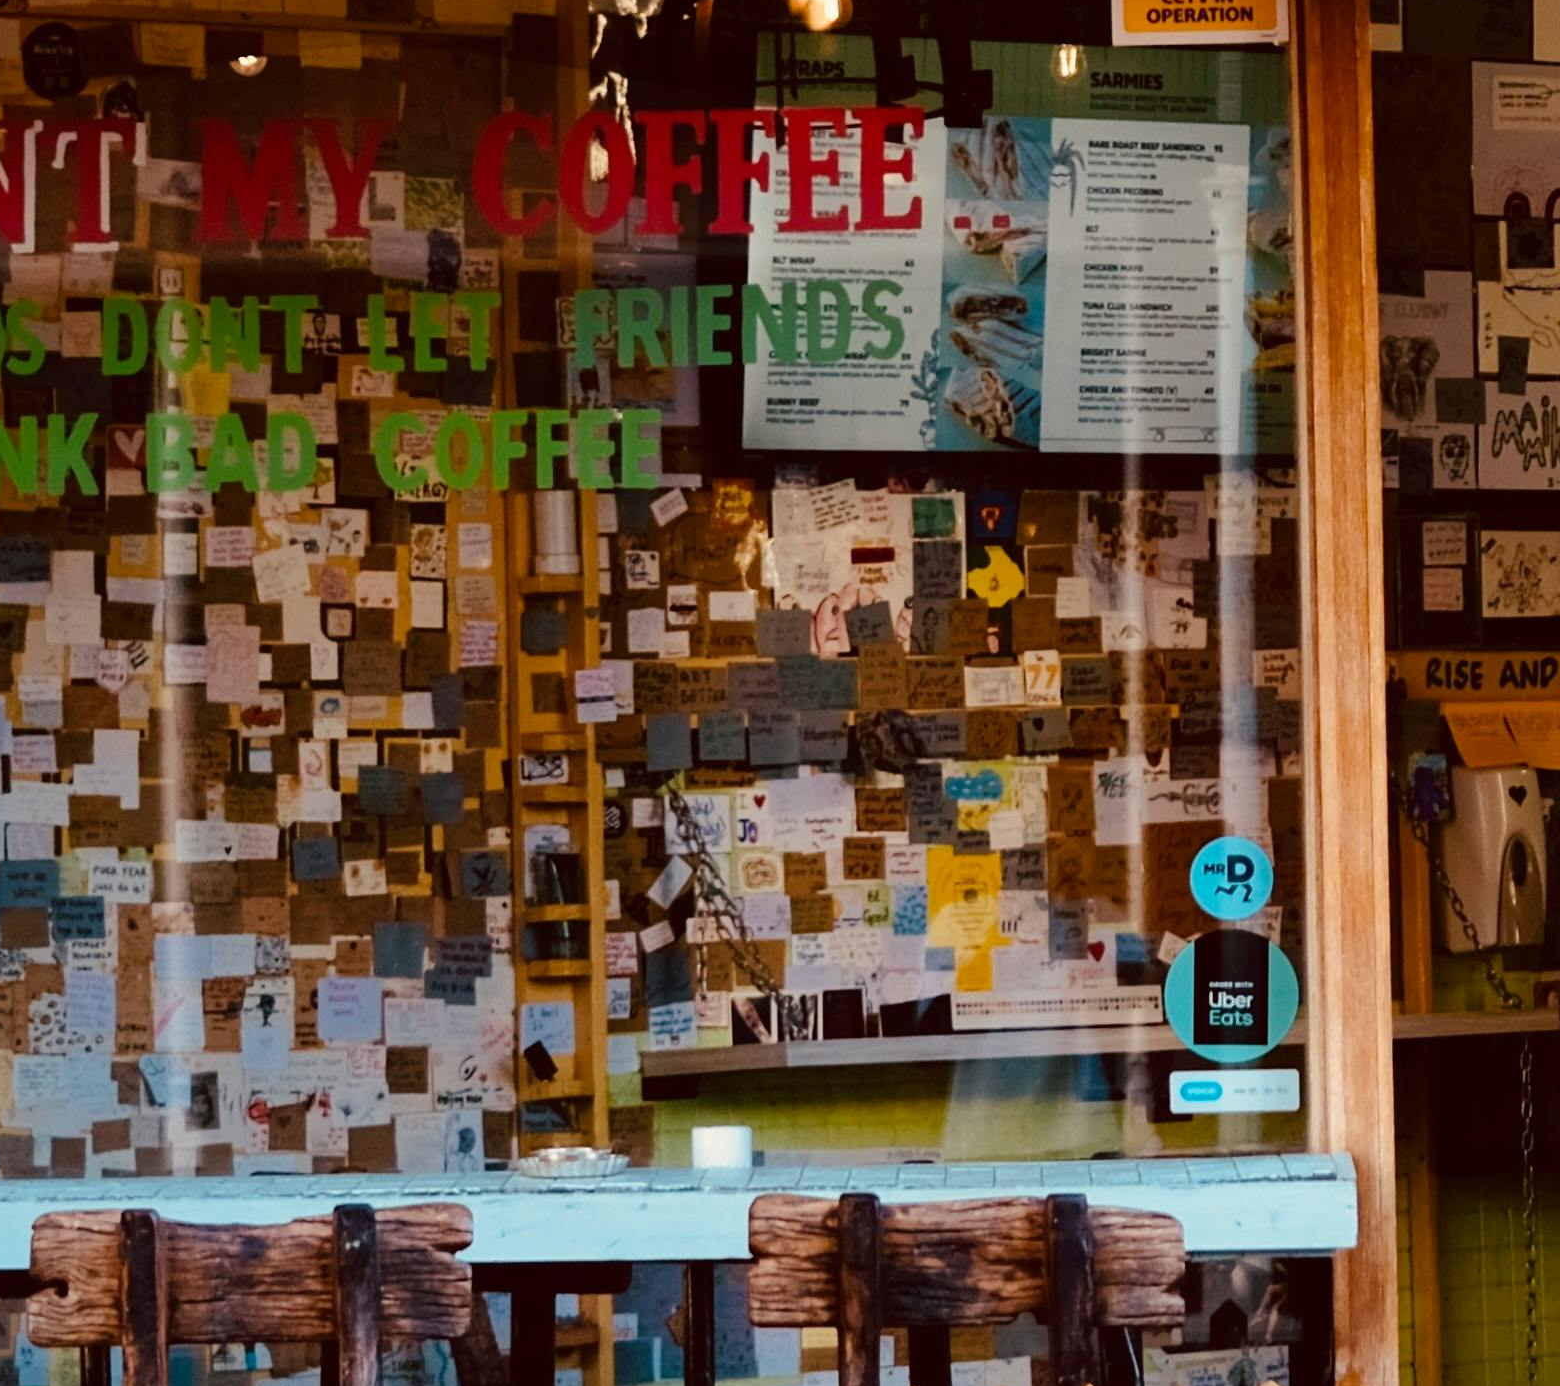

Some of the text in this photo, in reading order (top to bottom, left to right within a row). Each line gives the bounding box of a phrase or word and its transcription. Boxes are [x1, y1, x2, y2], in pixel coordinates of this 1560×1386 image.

[1146, 6, 1253, 24] OPERATION
[1090, 71, 1164, 90] SARMIES
[196, 116, 392, 244] MY
[473, 106, 926, 240] COFFEE
[102, 293, 320, 376] DONT
[368, 291, 502, 373] LET
[574, 280, 907, 369] FRIENDS
[147, 412, 320, 494] BAD
[374, 409, 662, 493] COFFEE
[1425, 658, 1482, 689] RISE
[1500, 658, 1558, 689] AND
[1204, 854, 1254, 883] MR D
[1208, 990, 1254, 1008] Uber
[1208, 1009, 1254, 1027] Eats
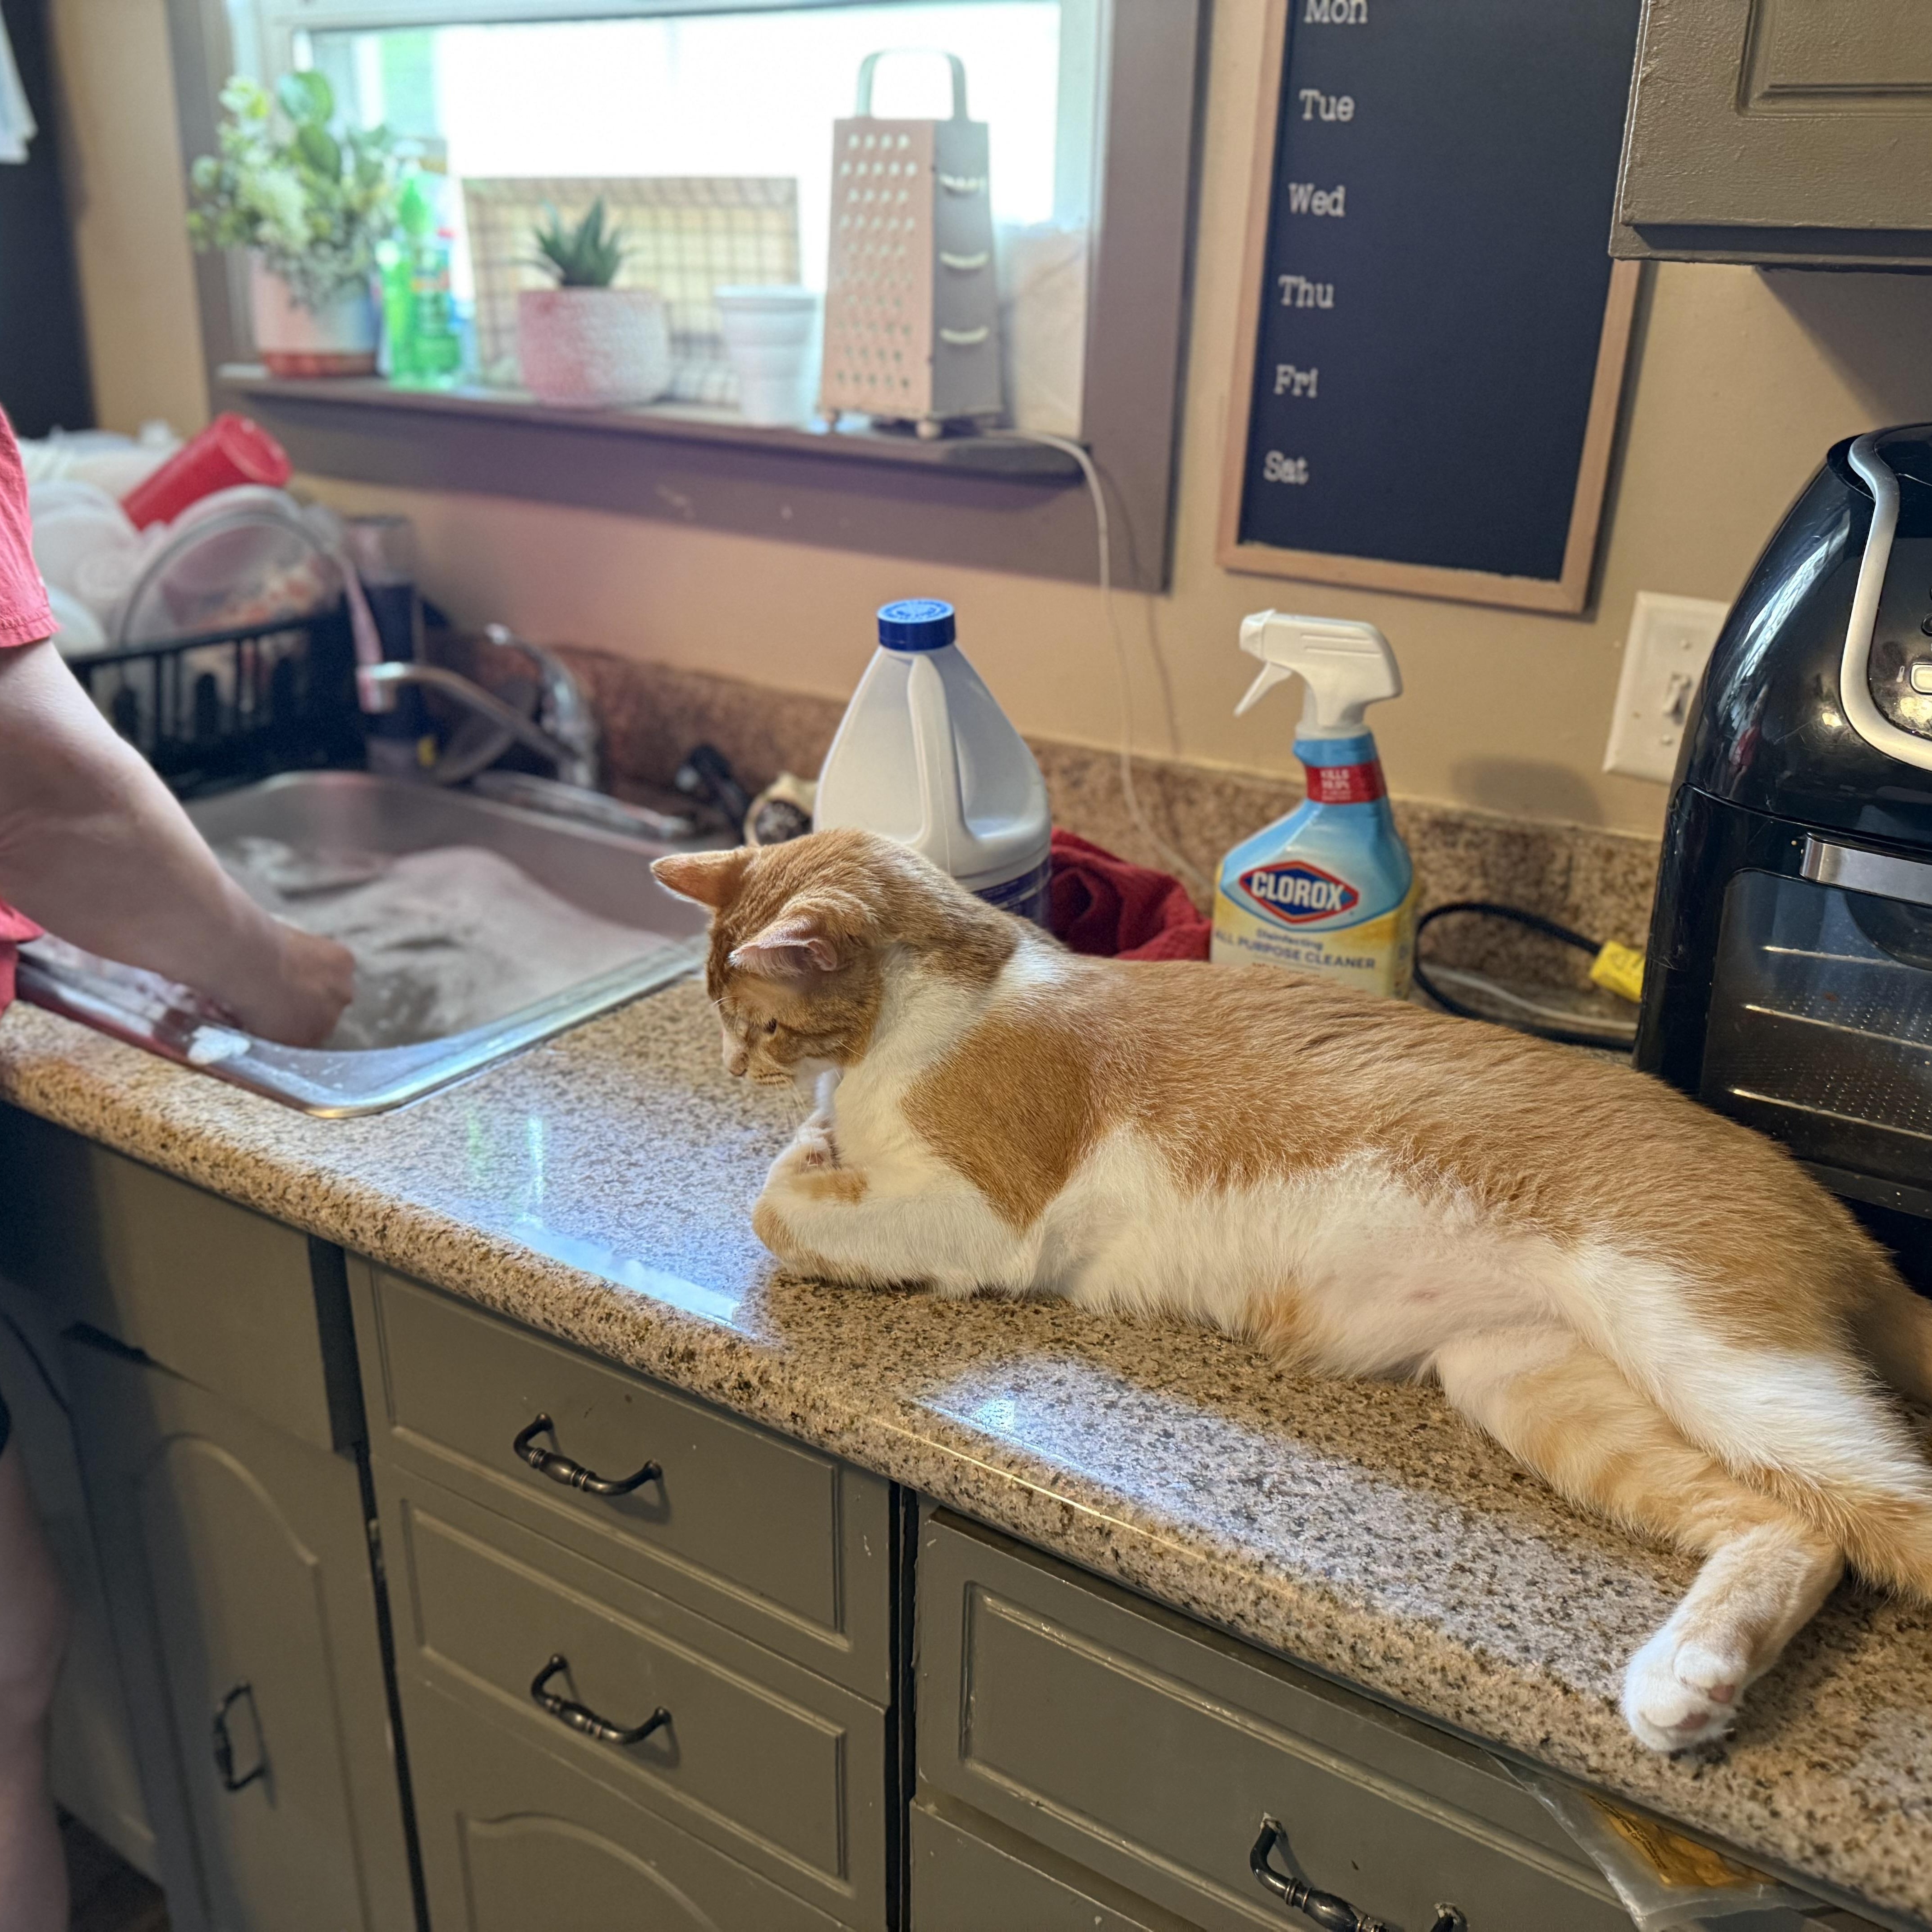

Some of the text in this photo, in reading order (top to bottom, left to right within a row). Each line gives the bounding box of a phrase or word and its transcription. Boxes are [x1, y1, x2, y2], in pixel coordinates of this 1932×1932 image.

= = = =

§ **Task objective**: Although the records contain pictures, the copy should hold only their text, reproduced exactly.

§ **Written answer**:
Some of the text in this photo, in reading order (top to bottom, left to right within a row). Each line gives the bounding box of a phrase or word and its transcription. Boxes are [x1, y1, x2, y2], in pixel coordinates of this 1560×1386 image.

[1146, 6, 1253, 24] OPERATION
[1090, 71, 1164, 90] SARMIES
[196, 116, 392, 244] MY
[473, 106, 926, 240] COFFEE
[102, 293, 320, 376] DONT
[368, 291, 502, 373] LET
[574, 280, 907, 369] FRIENDS
[147, 412, 320, 494] BAD
[374, 409, 662, 493] COFFEE
[1425, 658, 1482, 689] RISE
[1500, 658, 1558, 689] AND
[1204, 854, 1254, 883] MR D
[1208, 990, 1254, 1008] Uber
[1208, 1009, 1254, 1027] Eats

Some of the text in this photo, in reading order (top to bottom, left to right within a row). Each line gives the bounding box of a phrase or word and its transcription. Boxes are [x1, y1, x2, y2], in pixel coordinates of this 1932×1932 image.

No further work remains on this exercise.